* _What the task asks_:
When copying the listing below, skip every picture and keep each word as it stands.
==========
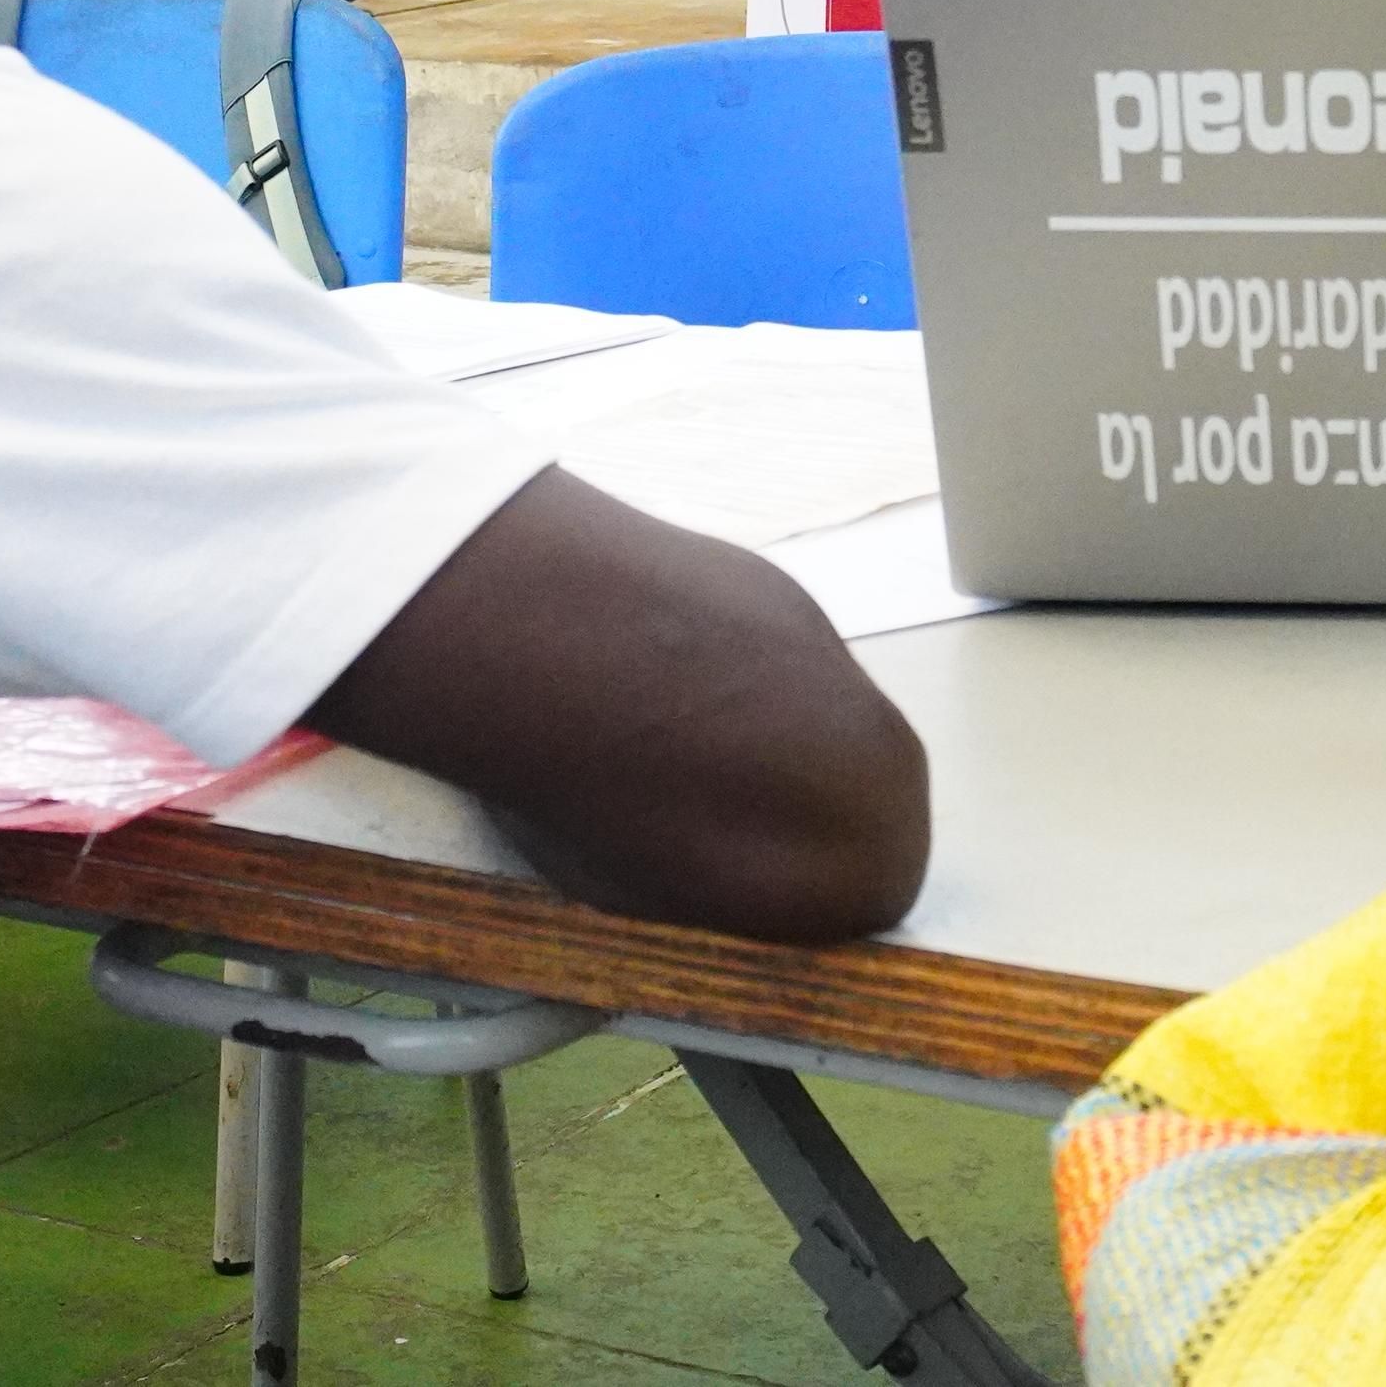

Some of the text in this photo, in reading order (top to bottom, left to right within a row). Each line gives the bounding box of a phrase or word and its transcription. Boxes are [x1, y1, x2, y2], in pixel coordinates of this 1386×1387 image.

[903, 50, 933, 144] Lenovo
[1098, 412, 1158, 503] la
[1173, 393, 1274, 485] por
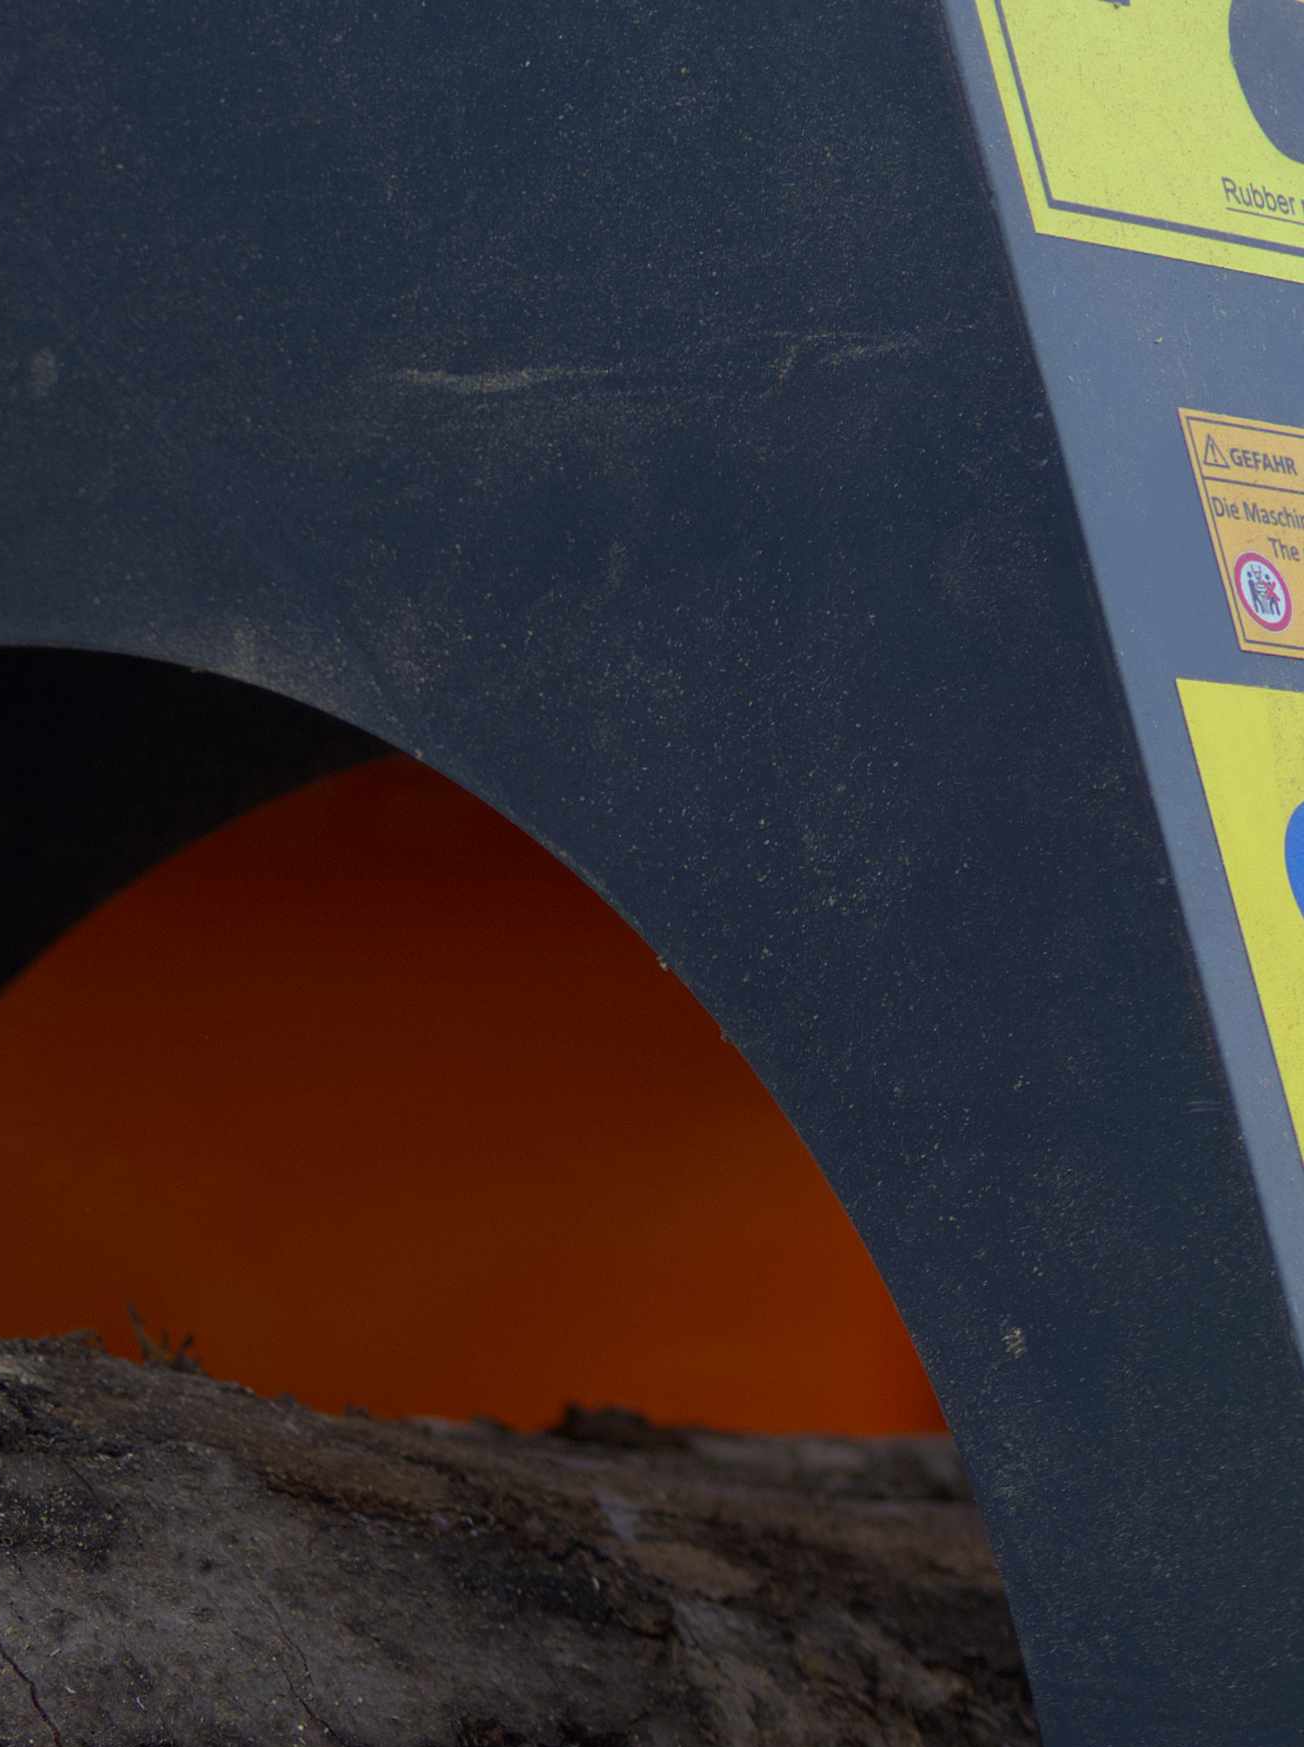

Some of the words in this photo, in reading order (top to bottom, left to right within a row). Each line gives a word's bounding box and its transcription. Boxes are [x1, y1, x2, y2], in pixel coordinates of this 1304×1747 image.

[1221, 176, 1296, 216] Rubber
[1229, 447, 1298, 476] GEFAHR
[1210, 496, 1241, 520] Die
[1267, 536, 1301, 562] The
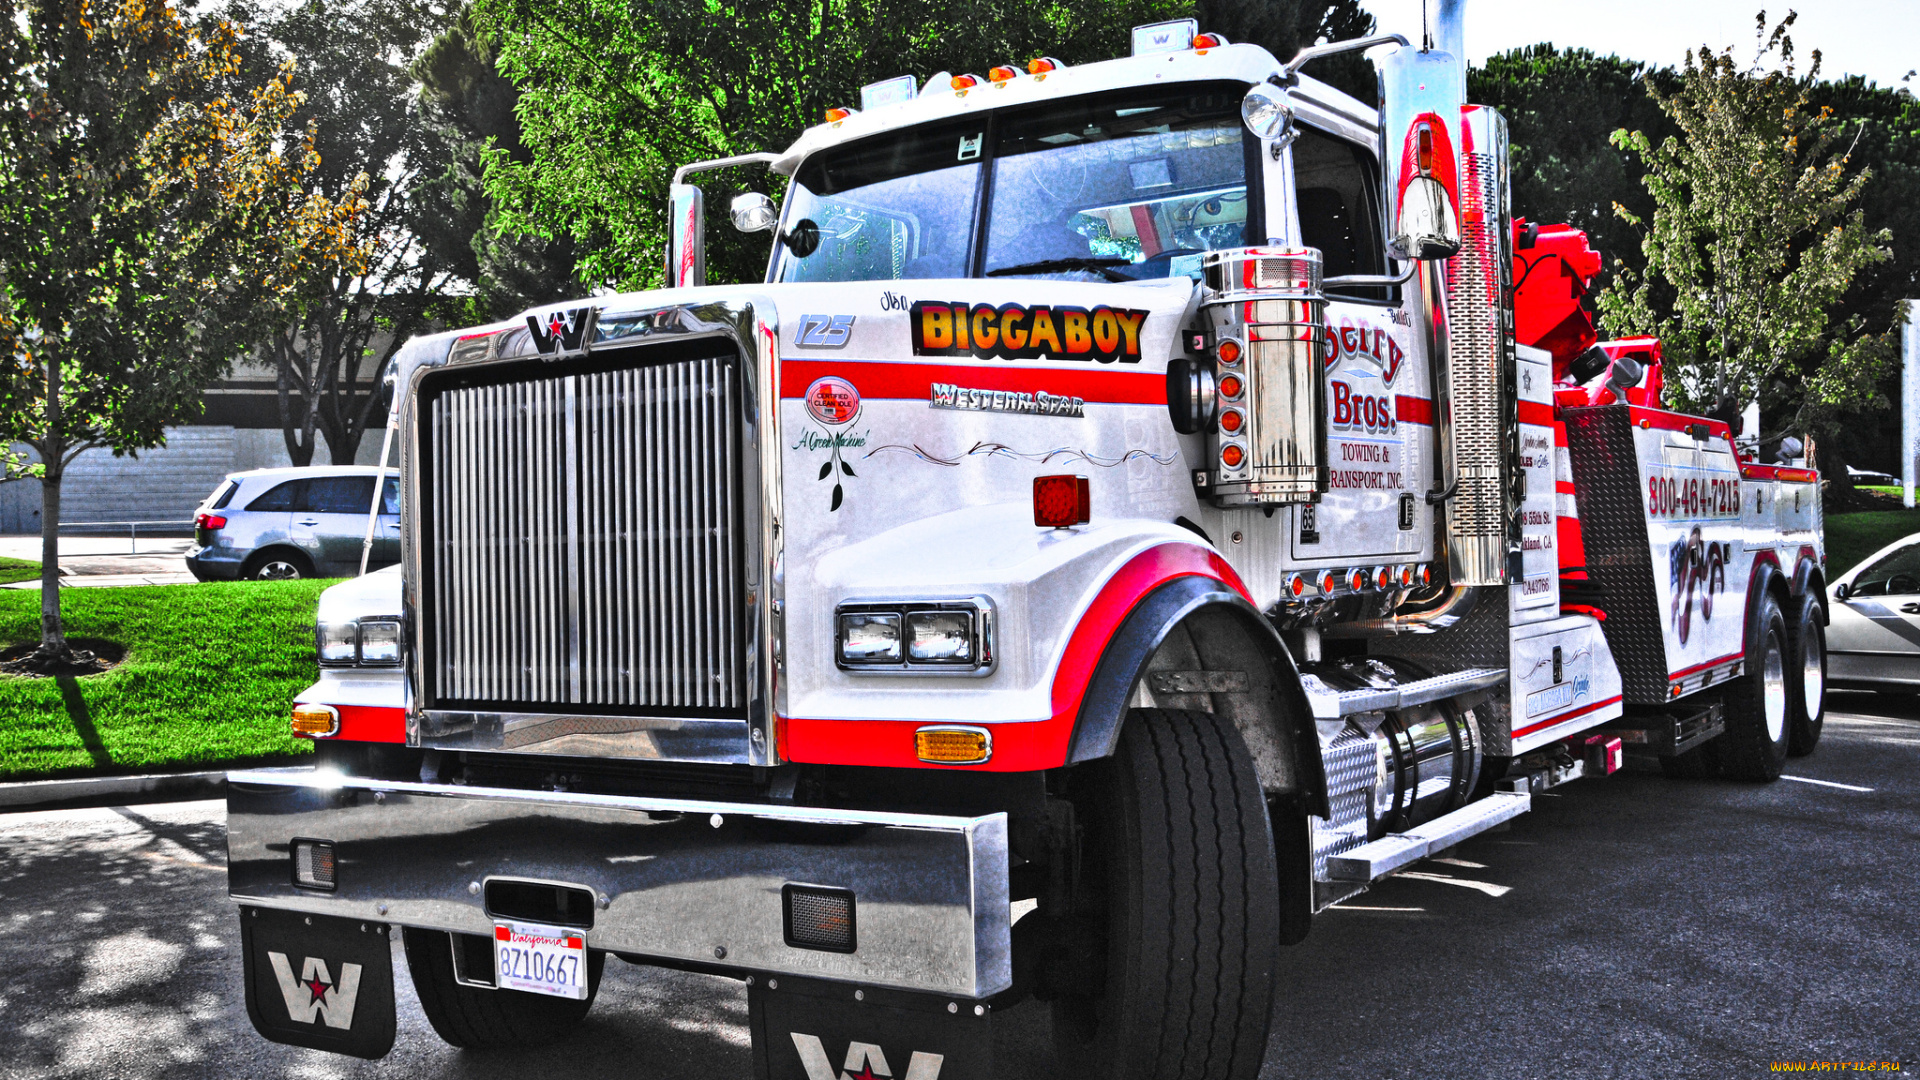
==========
* _Answer to this problem_:
Some of the text in this photo, in reading order (top to bottom, left to right within a row). Each line gives the bounding box of a phrase or word and its transcription. Boxes are [x1, y1, x2, y2], in pixel coordinates of this 1386×1387 image.

[903, 50, 933, 144] Lenovo
[1098, 412, 1158, 503] la
[1173, 393, 1274, 485] por

Some of the words in this photo, in reading order (top to bottom, left to right within a row). Each line gives a word's bounding box and its transcription. Boxes are [x1, y1, x2, y2], in pixel coordinates of this 1304×1747 image.

[1221, 176, 1296, 216] Rubber
[1229, 447, 1298, 476] GEFAHR
[1210, 496, 1241, 520] Die
[1267, 536, 1301, 562] The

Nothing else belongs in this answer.